Today is the day we Americans set aside to celebrate being “thankful.” We celebrate by eating huge dinners of turkey, ham, sweet potatoes and cranberry sauce, and we gather with family, reciting stories from the previous year and years. And this is a good thing. I think any time we take to set aside to remember all we have to be thankful for, it’s a good thing. I mean, let’s face it, we have a ton to be thankful for. My uncle Greg had a heart attack last week, and is now recovering at home. April and I were in a car accident last week, one that could have been much worse. My friend Matt Call was critically injured in a hit and run this past year, one that almost took his life, and thankfully didn’t and he’s recovering well. Even if we just look at the fact we’re alive and breathing air, we’ve a lot to be thankful for.
But, we have so much more. We have clothes, more clothes than we need. Most women coordinate their clothing with holidays, parties, days of the week, sports teams. We have food, more food than we need. Have you ever looked at how much food you throw away? I have, and it’s disheartening, even what I throw away myself. We have family, family that sticks together, and family that loves because we’re family. We have friends, friends who also love us in spite of our own shortcomings, friends that are there with us through hard times and good times. Friends that encourage us, push us forward, and build amazing amounts of value to our lives and help us gain purpose. We have clean water to drink, to cook with, to bathe with, etc. Never again will I take this one simple thing for granted after seeing the need first-hand in Uganda this year.

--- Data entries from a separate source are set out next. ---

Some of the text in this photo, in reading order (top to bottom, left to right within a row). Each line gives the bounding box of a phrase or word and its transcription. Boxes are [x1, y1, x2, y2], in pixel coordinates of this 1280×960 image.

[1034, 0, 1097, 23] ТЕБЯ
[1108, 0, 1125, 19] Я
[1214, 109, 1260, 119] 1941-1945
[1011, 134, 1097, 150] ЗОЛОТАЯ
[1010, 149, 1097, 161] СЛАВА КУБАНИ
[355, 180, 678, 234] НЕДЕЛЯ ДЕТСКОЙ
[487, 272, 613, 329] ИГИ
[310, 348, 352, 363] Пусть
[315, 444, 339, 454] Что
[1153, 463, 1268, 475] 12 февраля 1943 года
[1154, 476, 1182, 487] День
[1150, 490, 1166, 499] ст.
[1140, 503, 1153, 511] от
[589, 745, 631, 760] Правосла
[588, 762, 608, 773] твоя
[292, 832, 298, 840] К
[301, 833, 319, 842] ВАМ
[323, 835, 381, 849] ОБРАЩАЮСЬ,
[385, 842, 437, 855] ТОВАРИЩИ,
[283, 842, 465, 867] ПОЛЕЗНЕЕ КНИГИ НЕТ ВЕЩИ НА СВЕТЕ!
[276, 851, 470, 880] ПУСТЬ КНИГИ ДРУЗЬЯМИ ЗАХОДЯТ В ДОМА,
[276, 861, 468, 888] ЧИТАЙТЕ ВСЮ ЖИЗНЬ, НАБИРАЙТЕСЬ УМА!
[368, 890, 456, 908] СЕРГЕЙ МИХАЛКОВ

On, and on, we could name off all the things we’re thankful for today, and again, we should, but I would like to encourage you to be thankful for these things everyday. I am. Everyday I wake up, and see my amazing wife lying next to me, I’m thankful. I think about the fact she could be anywhere she’d like to be, and she has chosen to be lying next to me in that bed. I think about the fact that I have a job, when so many are jobless. I think about everything I have, and am thankful to God for it. And maybe you don’t believe in God, be thankful to whomever it is you believe loves you enough to bestow you with what you don’t deserve. For me, I know it’s God, who’s taken care of me since I can remember, who’s done things I know I couldn’t have orchestrated like meeting my wife.

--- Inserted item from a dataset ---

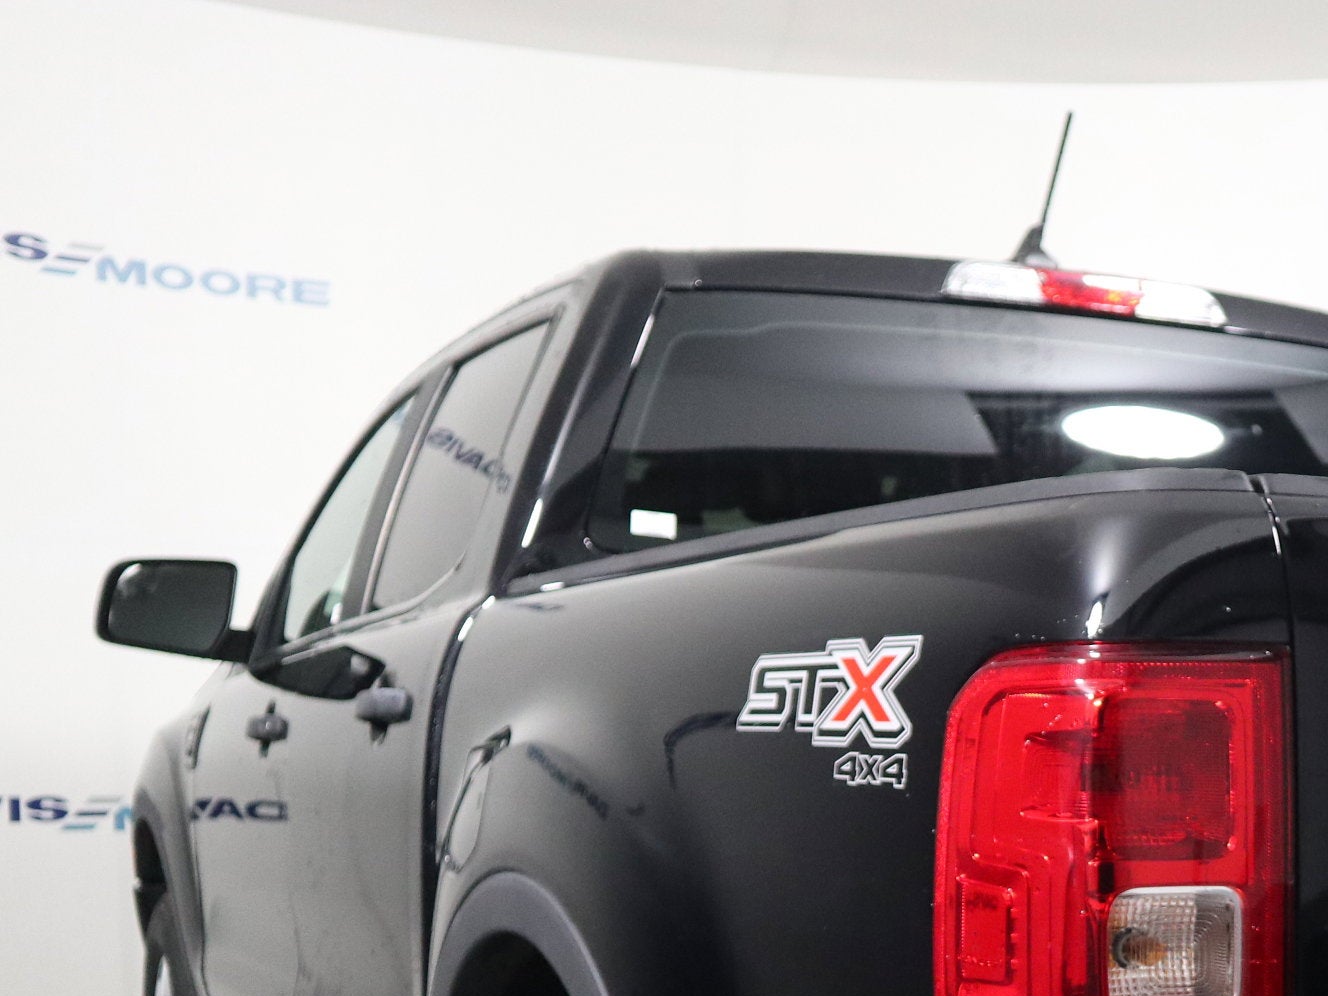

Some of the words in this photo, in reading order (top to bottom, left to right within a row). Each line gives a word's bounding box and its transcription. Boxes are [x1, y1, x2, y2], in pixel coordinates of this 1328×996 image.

[96, 255, 331, 307] MOORE
[736, 634, 924, 749] STX
[0, 794, 69, 822] IS

And not just be thankful, but show your thankfulness. Tell your family how much they mean to you. Tell your friends how much you value what they add to your life. Tell your workmates how much you learn from them. Express your own thankfulness by going out and volunteering in your community. April and I love the Atlanta Community Food Bank and have volunteered there, and helping there is such a simple expression of our own thankfulness for what we’ve been given. Whatever you do, wherever you do it, pass it on for those that don’t have as much to be thankful for. Because we really do have much to be thankful for.
As I sit here, in Panama City Beach, Florida, listening to the waves crashing against the shore and going back out again, as I’m spending good quality time with my family here, it’s made me think about my own life and my future. And it’s made me think of my community, and my friends, who’ve stuck with me, who love me in spite of me, and who remind me daily why I love Atlanta, and how much bigger life is than just what happens in my own house. So, I’d like to personally say, thank you. Whether it’s via social media, or via real life interactions, thank you for allowing me to be a part of your life in some way, and thanks for helping me to become more. I love and appreciate you all.